Watching Korean bands mix traditional and modern instruments is really cool. Korean traditional instruments (like the geomungo) are really quite unlike anything the West has produced so I love seeing them in action. But merging them with electric guitar (and plastic hand clappers) makes for such an interesting juxtaposition.
This week we’ll publish four Tiny Desk (home) concerts from around the world. We begin in South Korea. Today [is] the music of Coreyah. According to the band, the name represents “inheritance,” and that’s evident in the way this six-piece presents old or traditional Korean music with a modern twist.
If you’re going to mix up such disparate elements you can pretty much do anything.
It’s an uninhibited vision of Korean traditional music with some psychedelic rock, Balkan gypsy, even sounds from South America and Africa. You’ll see and hear instruments including the daegeum, a large bamboo flute and geomungo, a large Korean zither that lays on the floor.

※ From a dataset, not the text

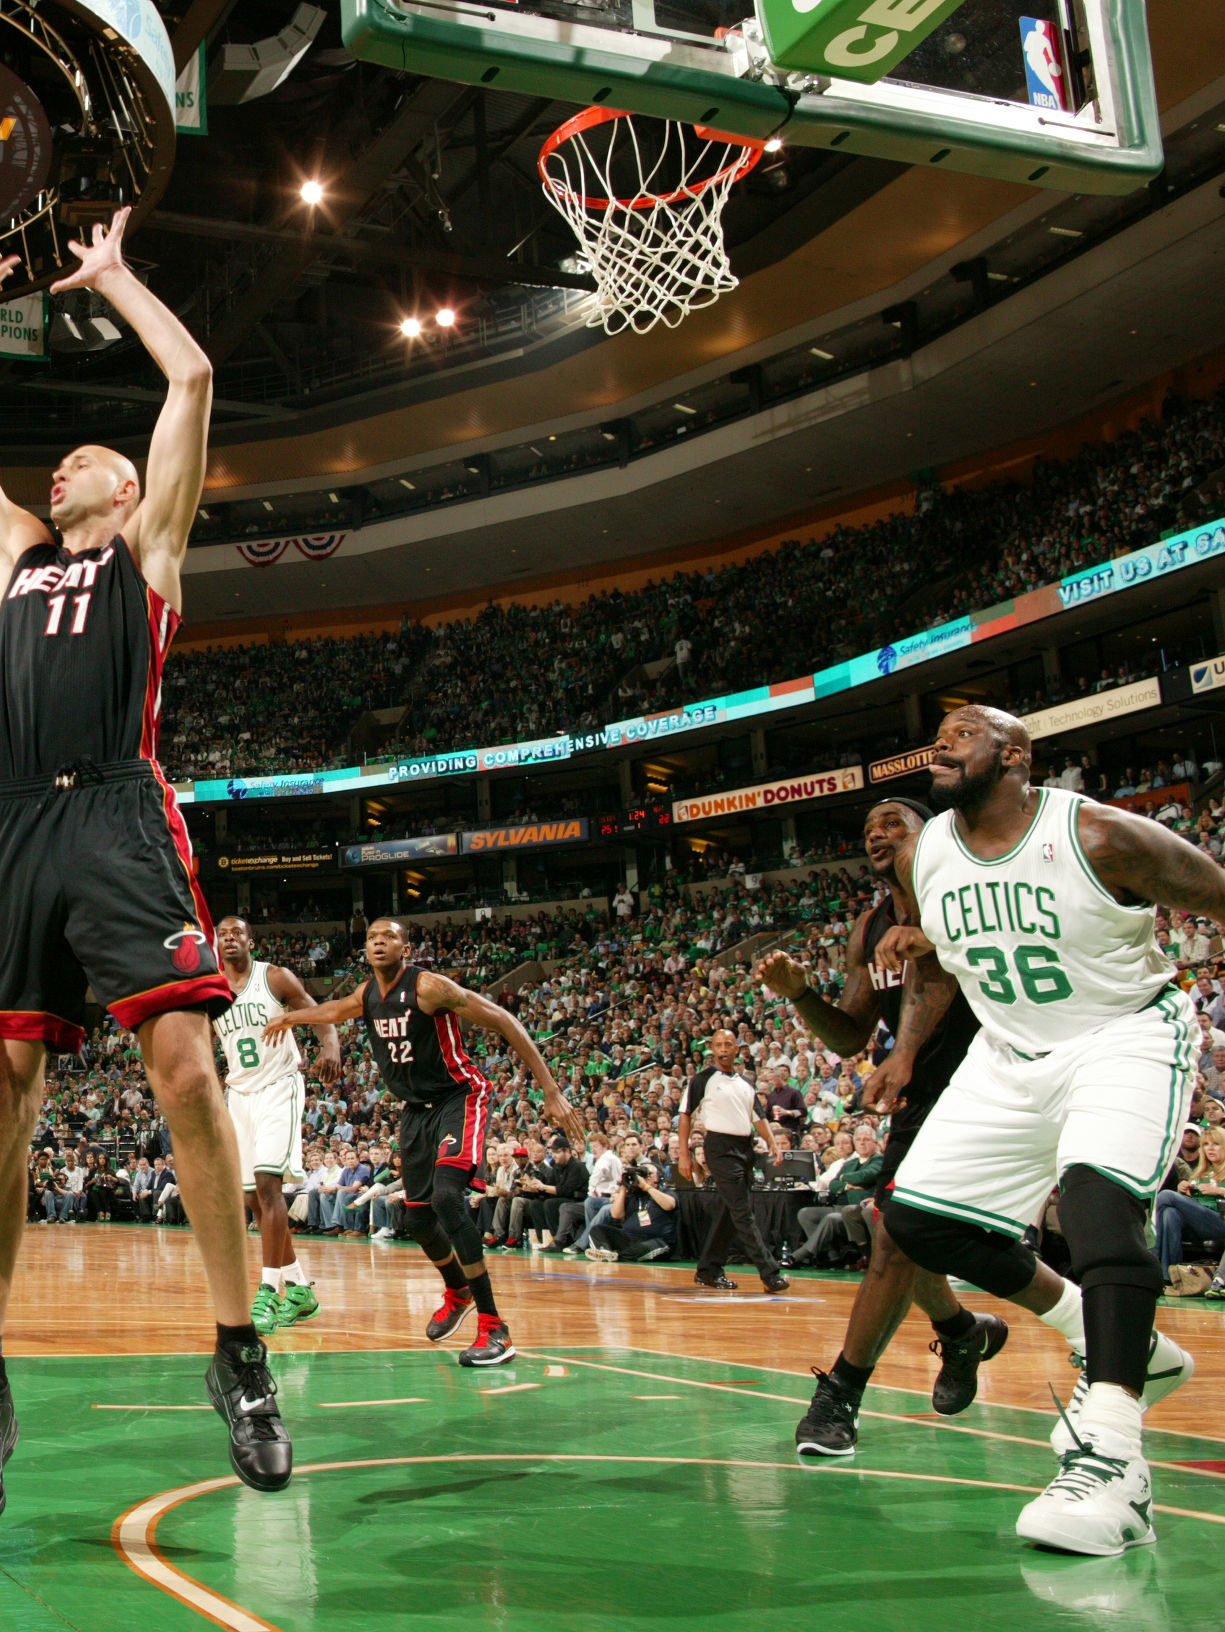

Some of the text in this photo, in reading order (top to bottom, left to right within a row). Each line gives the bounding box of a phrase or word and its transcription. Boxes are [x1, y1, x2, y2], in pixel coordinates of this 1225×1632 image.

When translated into Hangul, the Korean alphabet, Coreyah means “whale,” which is the group’s good luck charm. The music was recorded in the band’s music studio in Seoul, with COVID-19 shutting down most of the country. Strict social distancing is still ongoing in South Korea, though they are streaming their concerts to fans.
And just a note from the band: The geomungo player in this video is Park Dawool, as Coreyah member Na Sunjin was forced to miss this recording due to a personal emergency.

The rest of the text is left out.